Ginkgo Bioworks wants to build a ChatGPT for DNA

ChatGPT may be suitable for drafting emails to your boss, but can a similar AI style craft a DNA sequence for a life-saving medication? There’s optimism among the developers of a new wave of foundational AI models. One such project is being spearheaded by Ginkgo Bioworks, which has recently inked a five-year partnership with Google Cloud to house AI tailored for synthetic biology.

Ginkgo, known for delving into the genetic intricacies of pharmaceuticals, fertilizers, fragrances, and cannabinoids, holds two key advantages in this endeavor: a substantial repository of proprietary data from its 15-year history and a streamlined automated system for data collection. This was emphasized by Jason Kelly, Ginkgo’s CEO and co-founder.

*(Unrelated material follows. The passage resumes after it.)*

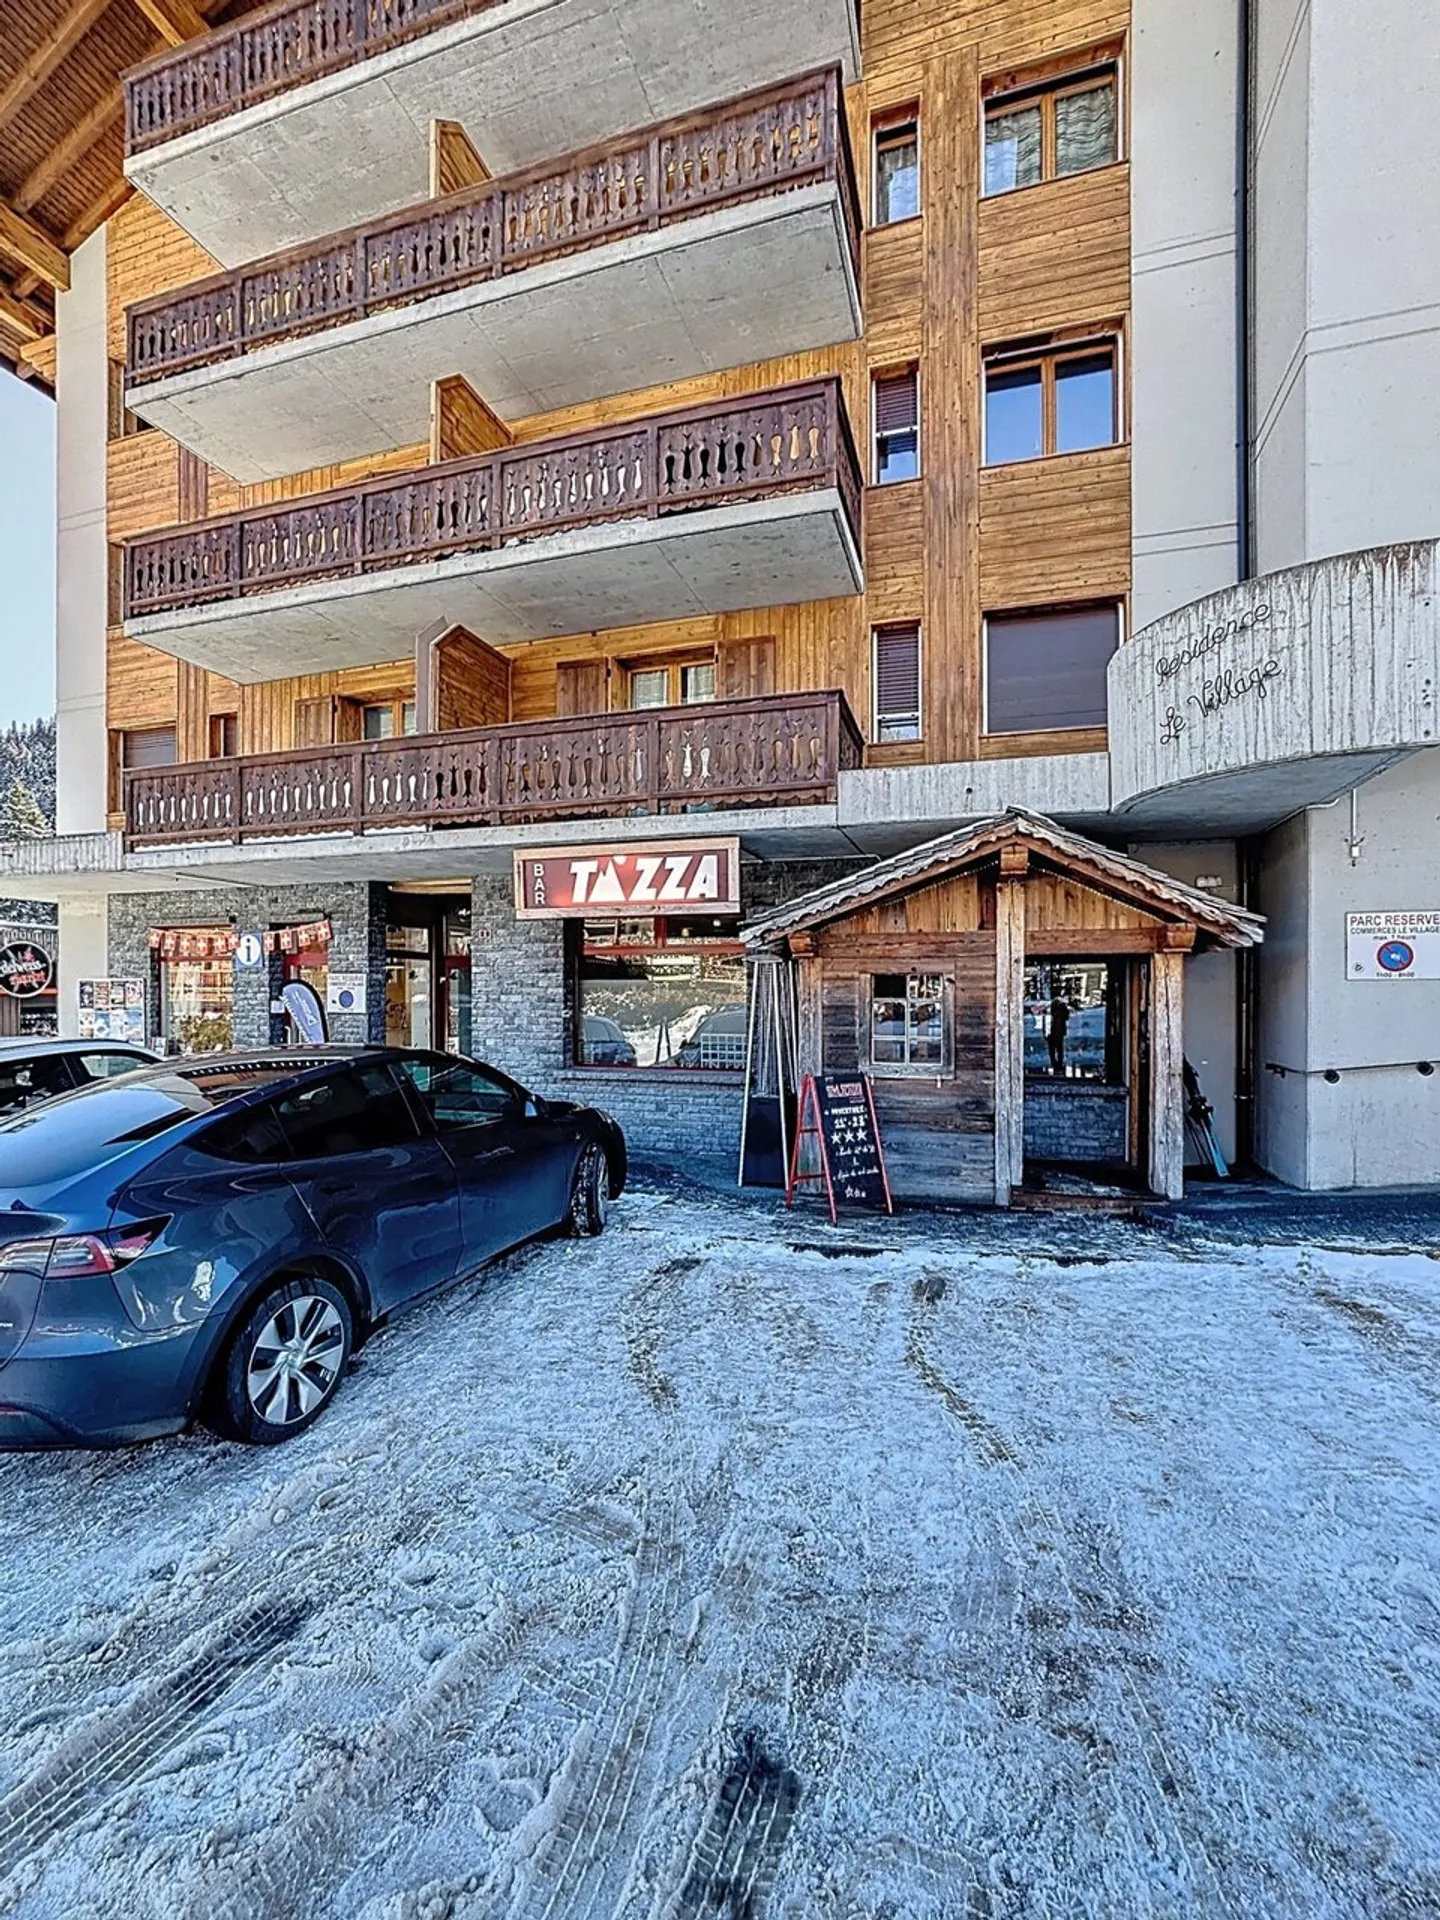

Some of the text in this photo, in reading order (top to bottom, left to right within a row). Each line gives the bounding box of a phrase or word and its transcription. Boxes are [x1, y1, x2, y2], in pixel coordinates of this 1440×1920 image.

In our conversation with Kelly, we explored generative AI’s potential in the field of biotechnology, delving into the nuances of the experiment and its potential outcomes.

This conversation has been condensed and clarified for conciseness.

How is Ginkgo striving to introduce generative AI to the realm of biotechnology?

The question at hand is, “Can we create foundational models in biology? What would that entail?” To begin with, DNA is a code, correct? So, if you take a gene, which constitutes a single component of DNA, a human possesses tens of thousands of genes. Consider a gene as a narrative that unfolds from start to finish, like a book. So, you can apply the same kind of predictive training as with large language models, but in this case, the subject is a gene from the natural world. And, akin to the internet being a reflection of human language—these models can genuinely learn English—DNA sequences aren’t arbitrary strings of DNA bases (A, T, C, and G); they are a product of 4 billion years of evolution. They possess a grammar, they constitute a language, and they encapsulate a design that distinguishes a protein as either effective or subpar. If you scramble this sequence, it results in a malfunction—precisely what genetic diseases manifest as: a mutation that disrupts the normal function.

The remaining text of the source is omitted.